BEGIN
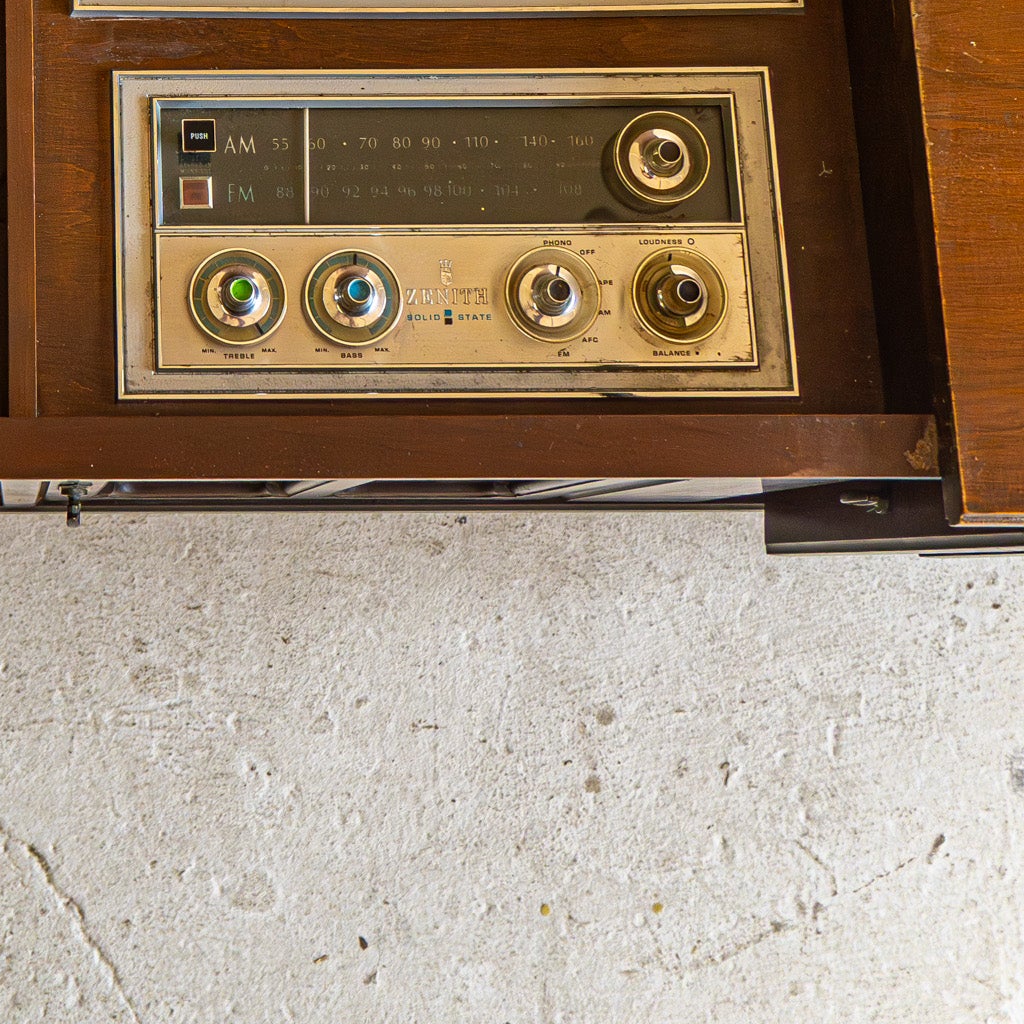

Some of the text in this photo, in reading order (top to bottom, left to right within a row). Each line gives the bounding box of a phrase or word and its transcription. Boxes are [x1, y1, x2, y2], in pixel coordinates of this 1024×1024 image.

[190, 132, 208, 140] PUSH
[224, 136, 256, 154] AM
[272, 138, 289, 151] 55
[359, 137, 377, 150] 70
[392, 136, 411, 149] 80
[421, 136, 441, 149] 90
[464, 135, 489, 148] 110
[522, 134, 548, 147] 140
[567, 134, 594, 147] 160
[228, 183, 255, 203] FM
[276, 186, 295, 199] 88
[342, 185, 360, 198] 92
[397, 184, 417, 197] 96
[423, 184, 443, 197] 98
[406, 287, 488, 305] ZENITH
END
Work to complete:
When you reach a picture, pass over it; write out all other material exactly.

Solution for this task:
Some of the text in this photo, in reading order (top to bottom, left to right within a row). Each line gives the bounding box of a phrase or word and its transcription. Boxes are [x1, y1, x2, y2], in pixel coordinates of this 1024×1024 image.

[190, 132, 208, 140] PUSH
[224, 136, 256, 154] AM
[272, 138, 289, 151] 55
[359, 137, 377, 150] 70
[392, 136, 411, 149] 80
[421, 136, 441, 149] 90
[464, 135, 489, 148] 110
[522, 134, 548, 147] 140
[567, 134, 594, 147] 160
[228, 183, 255, 203] FM
[276, 186, 295, 199] 88
[342, 185, 360, 198] 92
[397, 184, 417, 197] 96
[423, 184, 443, 197] 98
[406, 287, 488, 305] ZENITH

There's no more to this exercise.